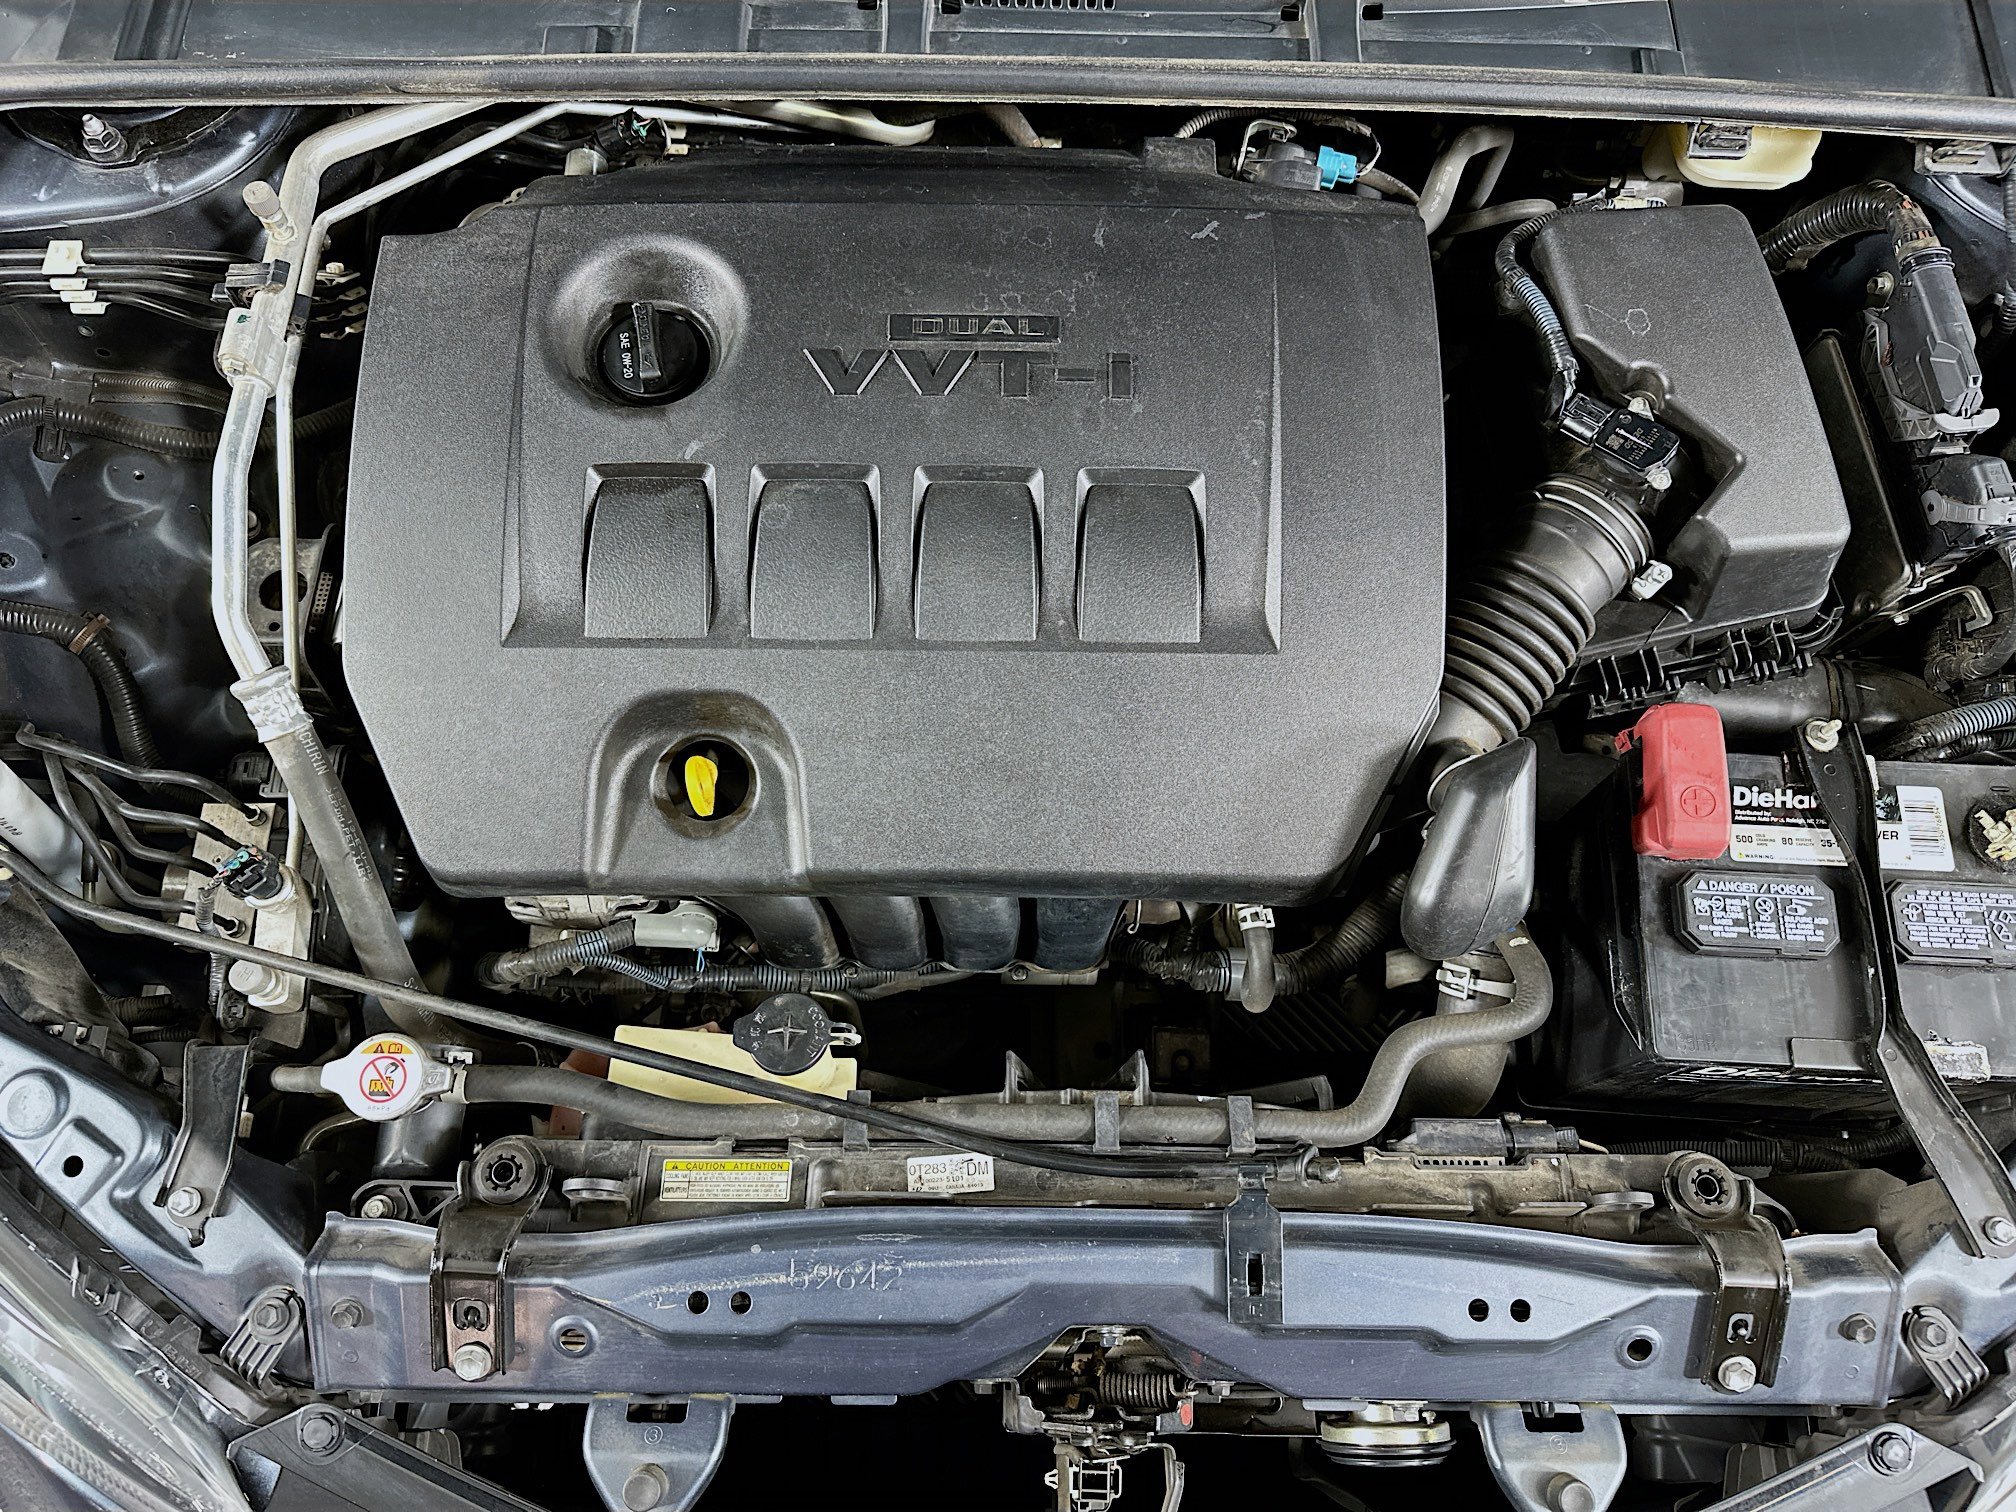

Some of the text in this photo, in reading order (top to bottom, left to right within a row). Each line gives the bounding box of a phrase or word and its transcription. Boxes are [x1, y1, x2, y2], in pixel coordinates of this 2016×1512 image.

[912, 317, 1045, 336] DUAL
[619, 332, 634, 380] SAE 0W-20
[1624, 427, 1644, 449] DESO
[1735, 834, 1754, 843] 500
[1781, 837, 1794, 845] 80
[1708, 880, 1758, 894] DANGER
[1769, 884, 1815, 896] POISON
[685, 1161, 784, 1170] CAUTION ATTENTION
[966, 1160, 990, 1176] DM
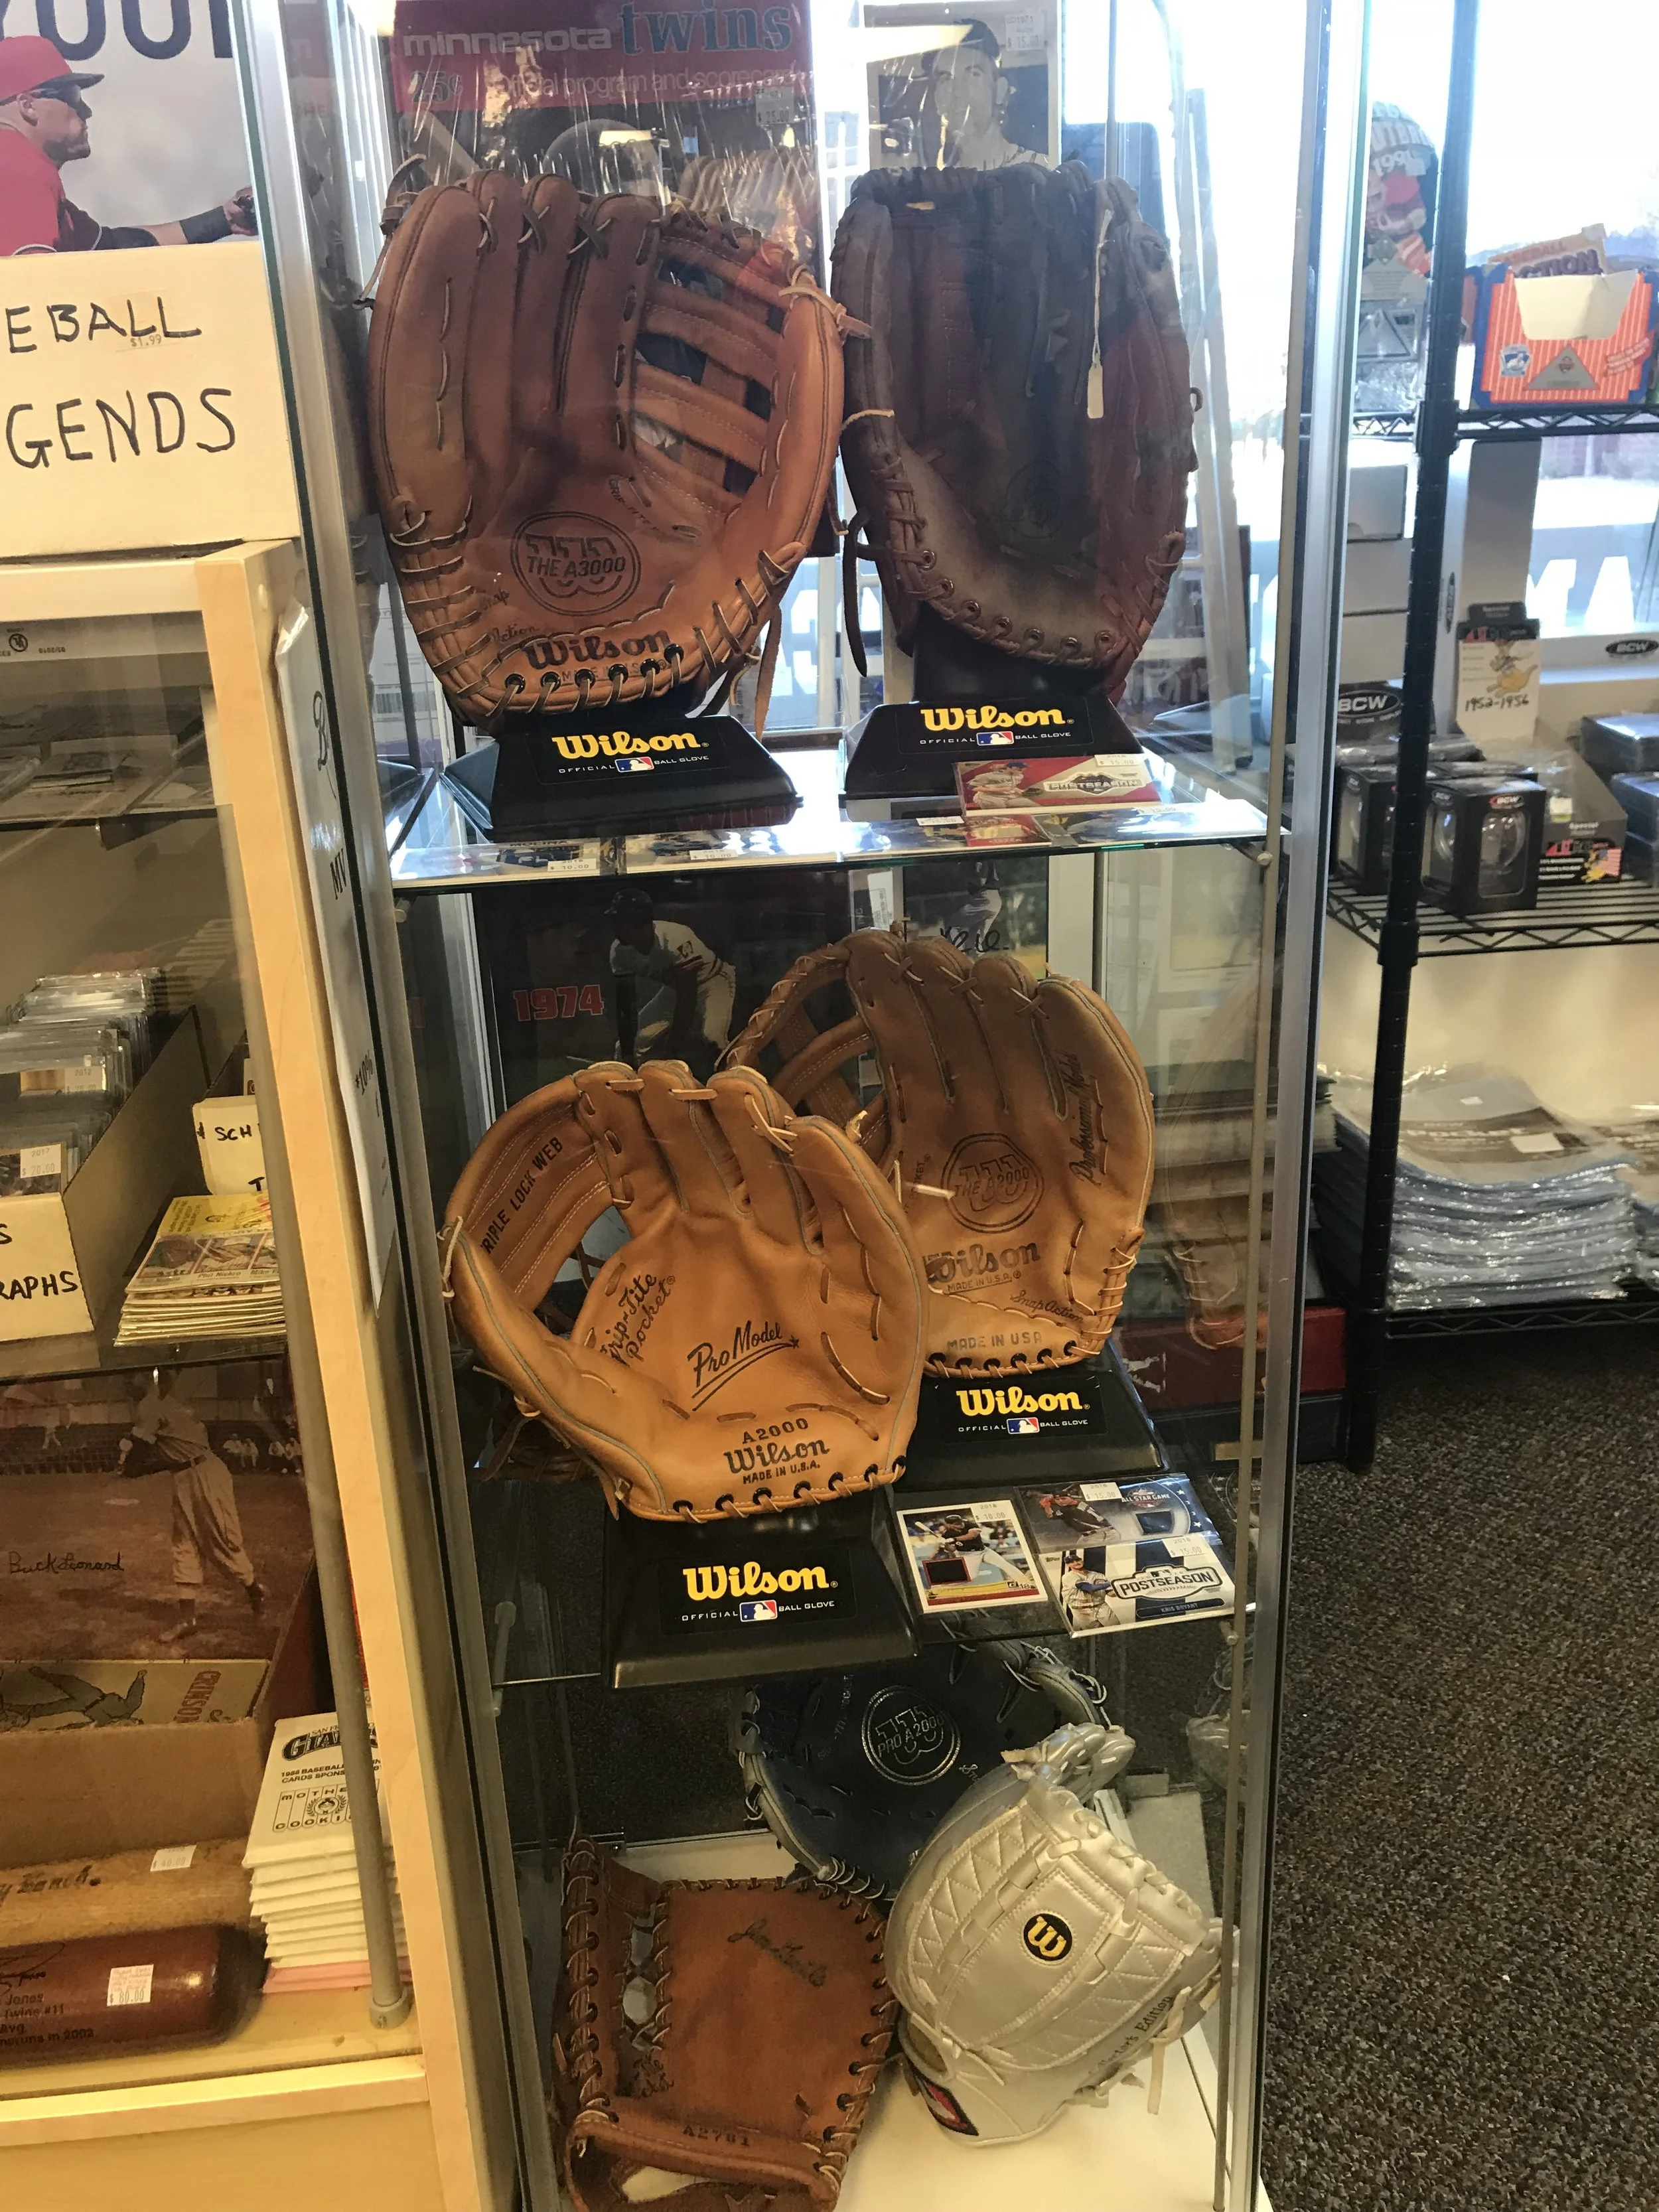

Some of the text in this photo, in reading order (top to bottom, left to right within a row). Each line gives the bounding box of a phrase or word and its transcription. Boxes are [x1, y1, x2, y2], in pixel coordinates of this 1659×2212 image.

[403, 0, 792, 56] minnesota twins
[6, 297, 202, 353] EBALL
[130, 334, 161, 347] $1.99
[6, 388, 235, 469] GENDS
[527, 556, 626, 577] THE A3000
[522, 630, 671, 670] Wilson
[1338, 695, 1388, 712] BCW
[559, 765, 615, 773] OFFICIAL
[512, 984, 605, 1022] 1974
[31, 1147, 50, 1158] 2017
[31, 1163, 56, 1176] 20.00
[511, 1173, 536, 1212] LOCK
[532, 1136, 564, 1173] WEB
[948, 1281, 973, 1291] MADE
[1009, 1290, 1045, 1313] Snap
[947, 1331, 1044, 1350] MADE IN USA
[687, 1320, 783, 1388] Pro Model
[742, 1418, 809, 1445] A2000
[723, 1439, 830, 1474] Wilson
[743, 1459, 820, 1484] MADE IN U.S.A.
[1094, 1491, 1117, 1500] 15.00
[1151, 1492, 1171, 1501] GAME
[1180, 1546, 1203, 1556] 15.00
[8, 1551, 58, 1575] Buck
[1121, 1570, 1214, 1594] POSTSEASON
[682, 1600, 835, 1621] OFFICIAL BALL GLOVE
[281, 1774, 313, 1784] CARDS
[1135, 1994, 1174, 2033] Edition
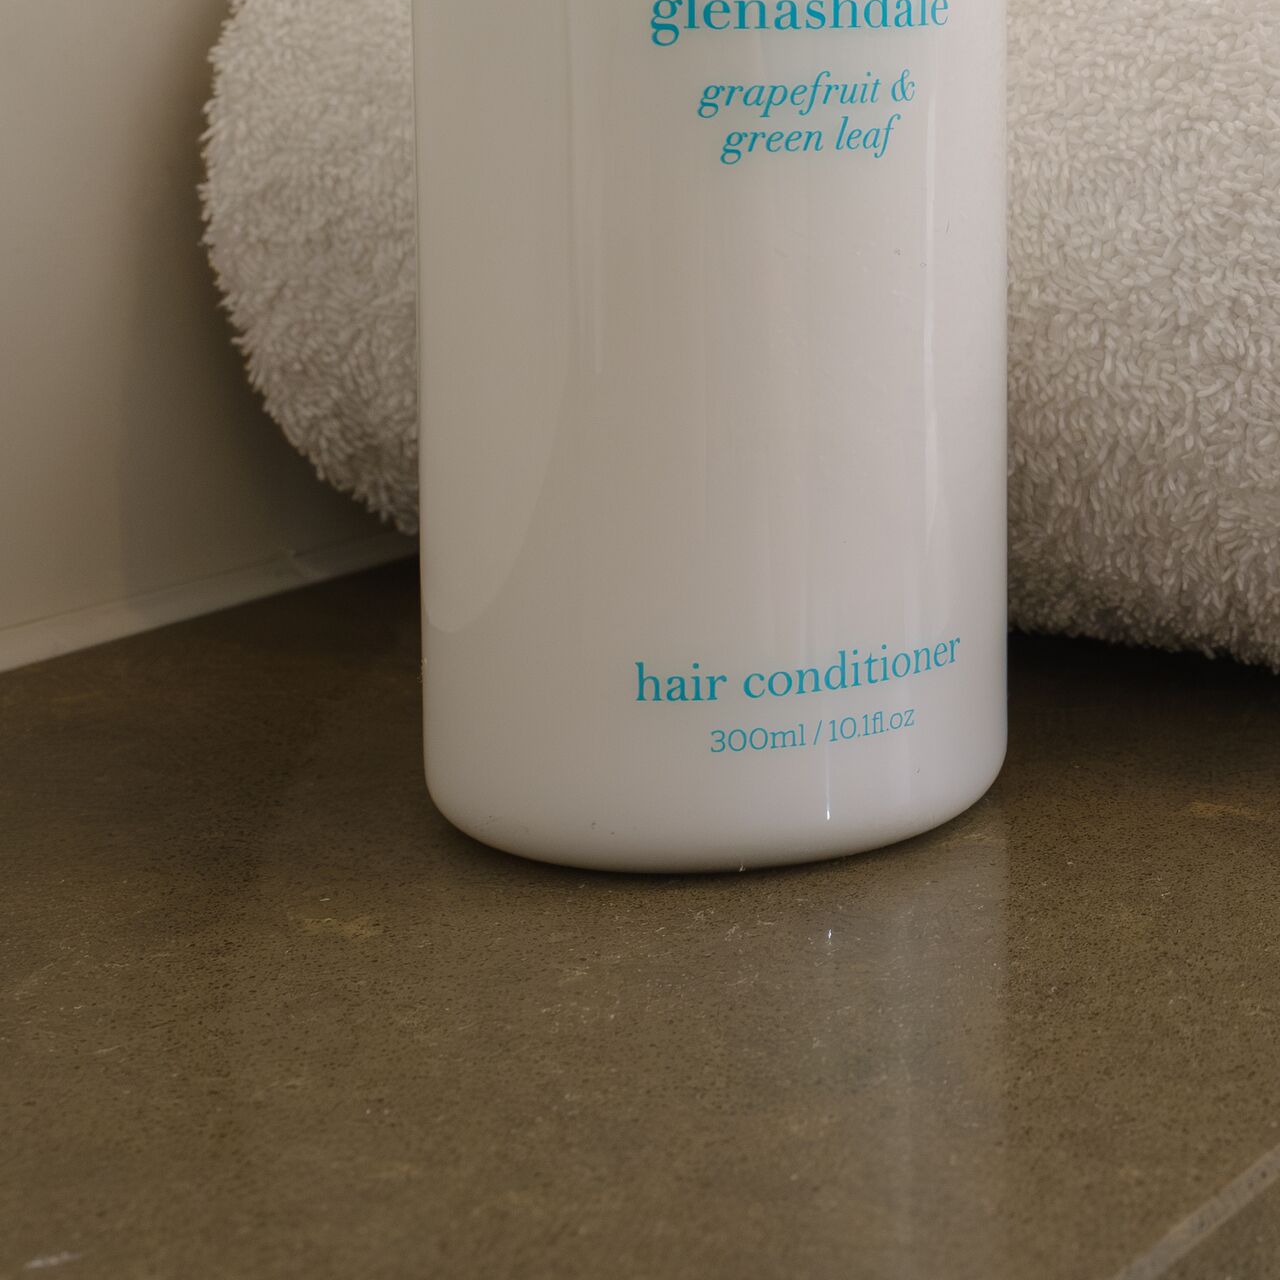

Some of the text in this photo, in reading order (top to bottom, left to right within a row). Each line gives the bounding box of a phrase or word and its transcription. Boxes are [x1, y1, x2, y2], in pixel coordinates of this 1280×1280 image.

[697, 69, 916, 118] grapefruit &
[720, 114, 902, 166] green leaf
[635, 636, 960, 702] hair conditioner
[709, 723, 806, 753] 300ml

• • • •

◆ **Brief**: What is needed is an exact reproduction of the data, pictures excluded.

◆ **The answer**:
Some of the text in this photo, in reading order (top to bottom, left to right within a row). Each line gives the bounding box of a phrase or word and its transcription. Boxes are [x1, y1, x2, y2], in pixel coordinates of this 2016×1512 image.

[912, 317, 1045, 336] DUAL
[619, 332, 634, 380] SAE 0W-20
[1624, 427, 1644, 449] DESO
[1735, 834, 1754, 843] 500
[1781, 837, 1794, 845] 80
[1708, 880, 1758, 894] DANGER
[1769, 884, 1815, 896] POISON
[685, 1161, 784, 1170] CAUTION ATTENTION
[966, 1160, 990, 1176] DM

Some of the text in this photo, in reading order (top to bottom, left to right within a row). Each line gives the bounding box of a phrase or word and its transcription. Boxes are [x1, y1, x2, y2], in pixel coordinates of this 1659×2212 image.

[403, 0, 792, 56] minnesota twins
[6, 297, 202, 353] EBALL
[130, 334, 161, 347] $1.99
[6, 388, 235, 469] GENDS
[527, 556, 626, 577] THE A3000
[522, 630, 671, 670] Wilson
[1338, 695, 1388, 712] BCW
[559, 765, 615, 773] OFFICIAL
[512, 984, 605, 1022] 1974
[31, 1147, 50, 1158] 2017
[31, 1163, 56, 1176] 20.00
[511, 1173, 536, 1212] LOCK
[532, 1136, 564, 1173] WEB
[948, 1281, 973, 1291] MADE
[1009, 1290, 1045, 1313] Snap
[947, 1331, 1044, 1350] MADE IN USA
[687, 1320, 783, 1388] Pro Model
[742, 1418, 809, 1445] A2000
[723, 1439, 830, 1474] Wilson
[743, 1459, 820, 1484] MADE IN U.S.A.
[1094, 1491, 1117, 1500] 15.00
[1151, 1492, 1171, 1501] GAME
[1180, 1546, 1203, 1556] 15.00
[8, 1551, 58, 1575] Buck
[1121, 1570, 1214, 1594] POSTSEASON
[682, 1600, 835, 1621] OFFICIAL BALL GLOVE
[281, 1774, 313, 1784] CARDS
[1135, 1994, 1174, 2033] Edition

Some of the text in this photo, in reading order (top to bottom, left to right within a row). Each line gives the bounding box of a phrase or word and its transcription. Boxes are [x1, y1, x2, y2], in pixel coordinates of this 1280×1280 image.

[697, 69, 916, 118] grapefruit &
[720, 114, 902, 166] green leaf
[635, 636, 960, 702] hair conditioner
[709, 723, 806, 753] 300ml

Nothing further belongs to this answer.